Strengths and limitations
The key strength of the study was that it provided insight into the foot and ankle health care needs of people who are often not recognised in health services research. The study was able to report on a large number of clients because the service is located in the central business district where many people sleeping rough live.
Due to the nature of this group we did not use a specific existing scale to classify their presenting complaints. In some instances we wanted to look in detail at the type of condition – for example, traumatic injury was coded separately from “wounds”, as it was perceived to be of particular concern for those who were rough sleeping. On the other hand, all biomechanical issues are presented as one category, as the specific nature of the issue is not of concern. This may limit the comparability of our data to other studies conducted with other populations.

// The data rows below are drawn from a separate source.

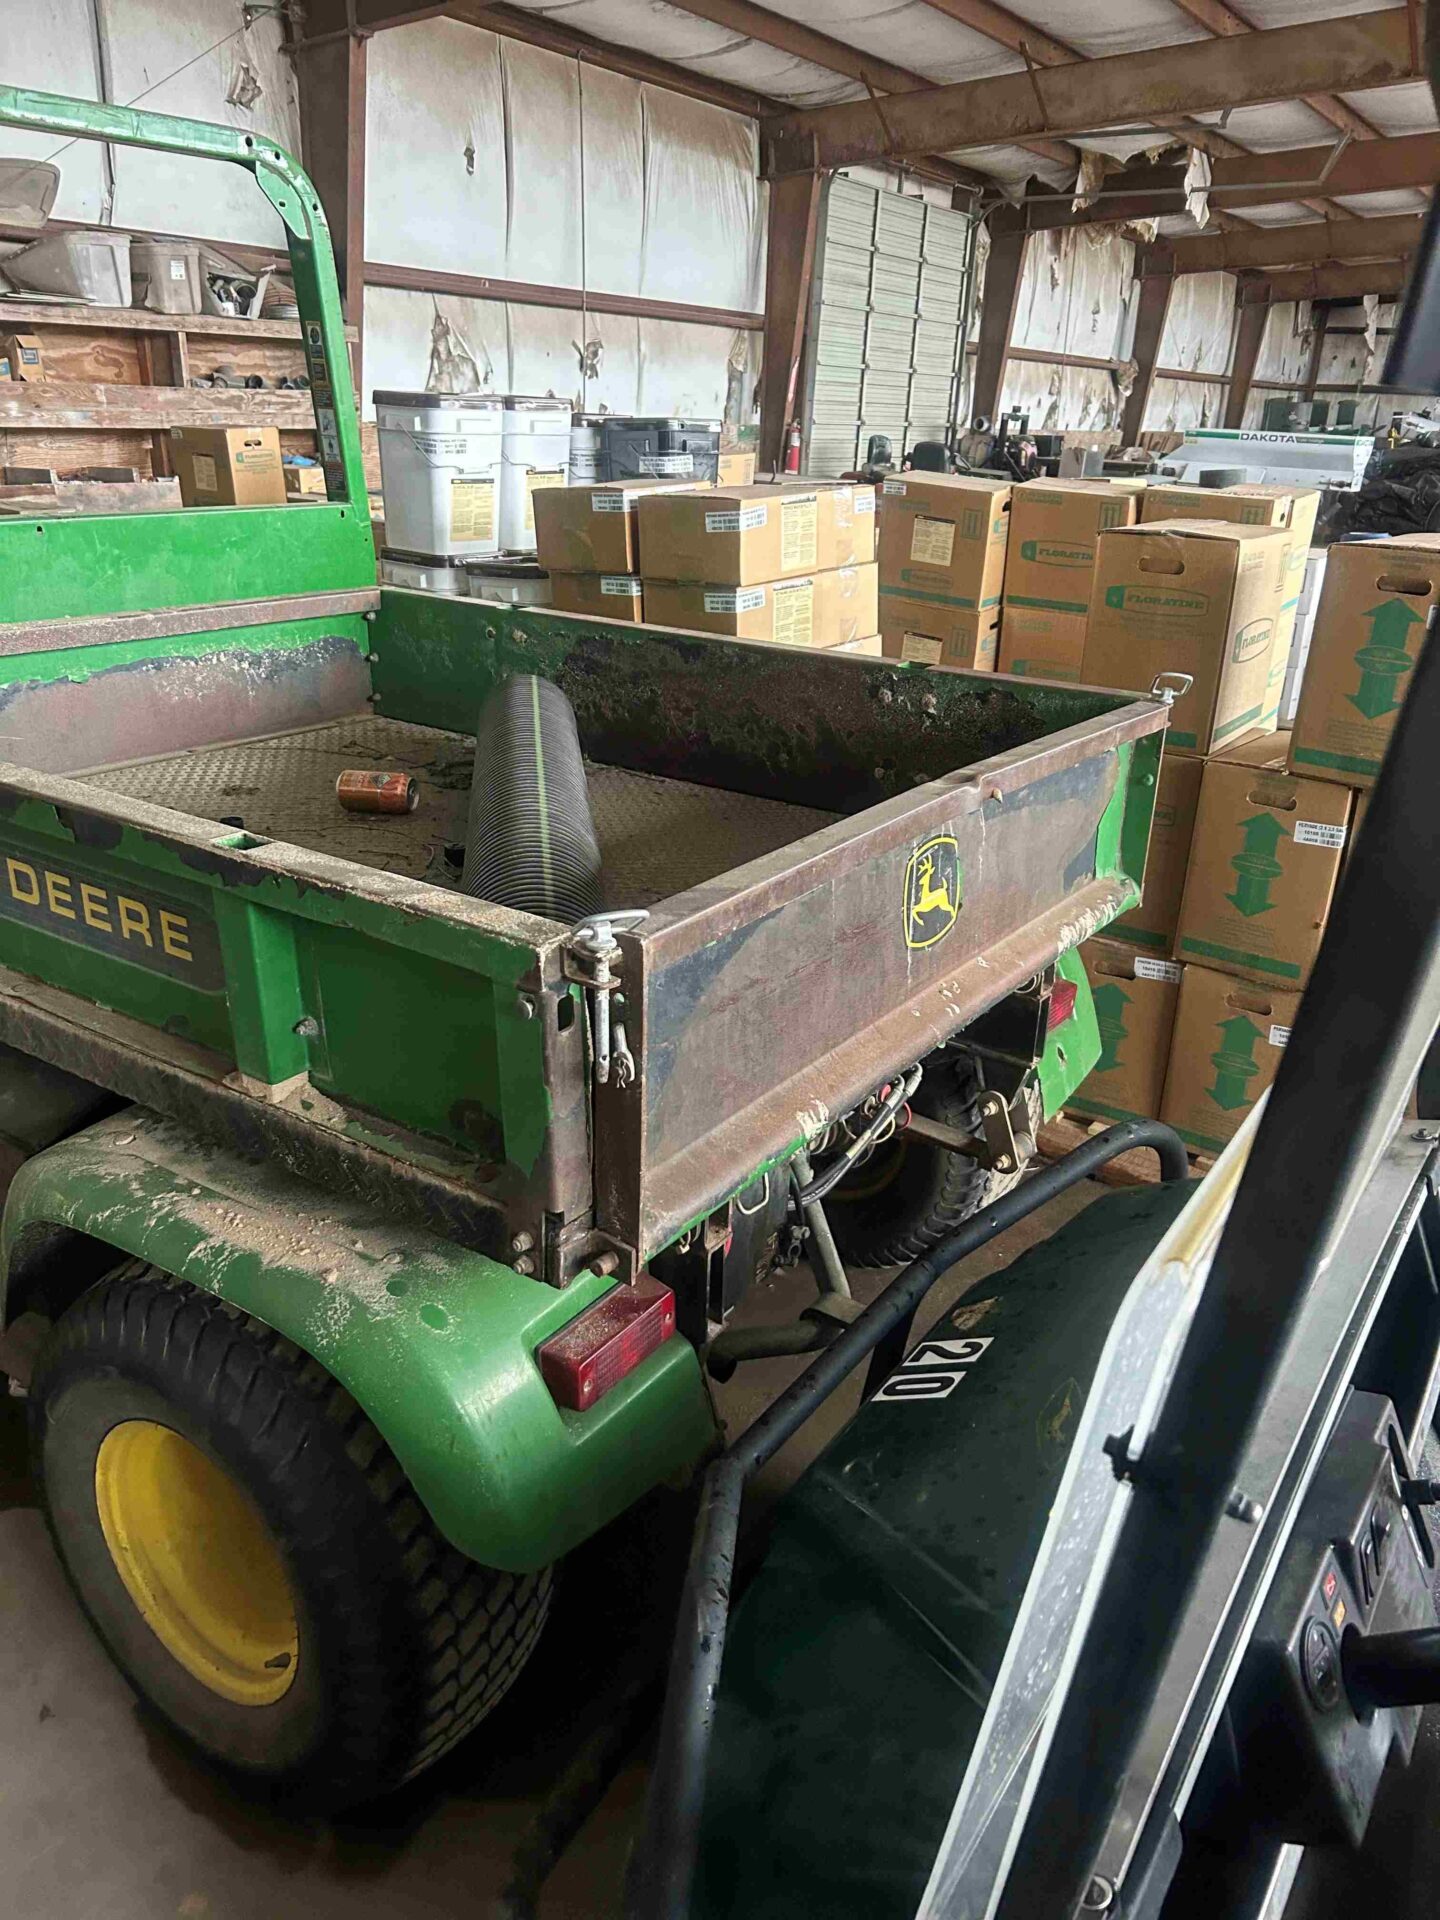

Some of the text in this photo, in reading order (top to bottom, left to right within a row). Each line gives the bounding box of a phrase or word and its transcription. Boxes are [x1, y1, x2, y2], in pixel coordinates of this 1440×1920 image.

[1241, 433, 1296, 444] DAKOTA
[1127, 594, 1204, 609] FLORATINE
[1241, 628, 1271, 650] FLORATINE
[6, 857, 193, 962] DEERE
[881, 1341, 984, 1397] 20

The categorisation of a client’s homelessness (rough sleeping, insecure or unstable housing/newly housed) was based on what was recorded at the time of their presentation at the podiatrist. People who are homeless are known to cycle through different types of accommodation [
34], so some may have acquired their problem while living in different conditions. However, where there are significant differences in the presentations by clients in different categories they fit with what would be expected of those living conditions, so this may not have impacted the results.
Recommendations for future research
Future research could explore strategies to intervene to prevent some of the common issues identified in this paper and adapt treatments that could be implemented with people experiencing homelessness. The role of podiatry as an entry point to other healthcare for people who face the greatest barriers to access could be explored further.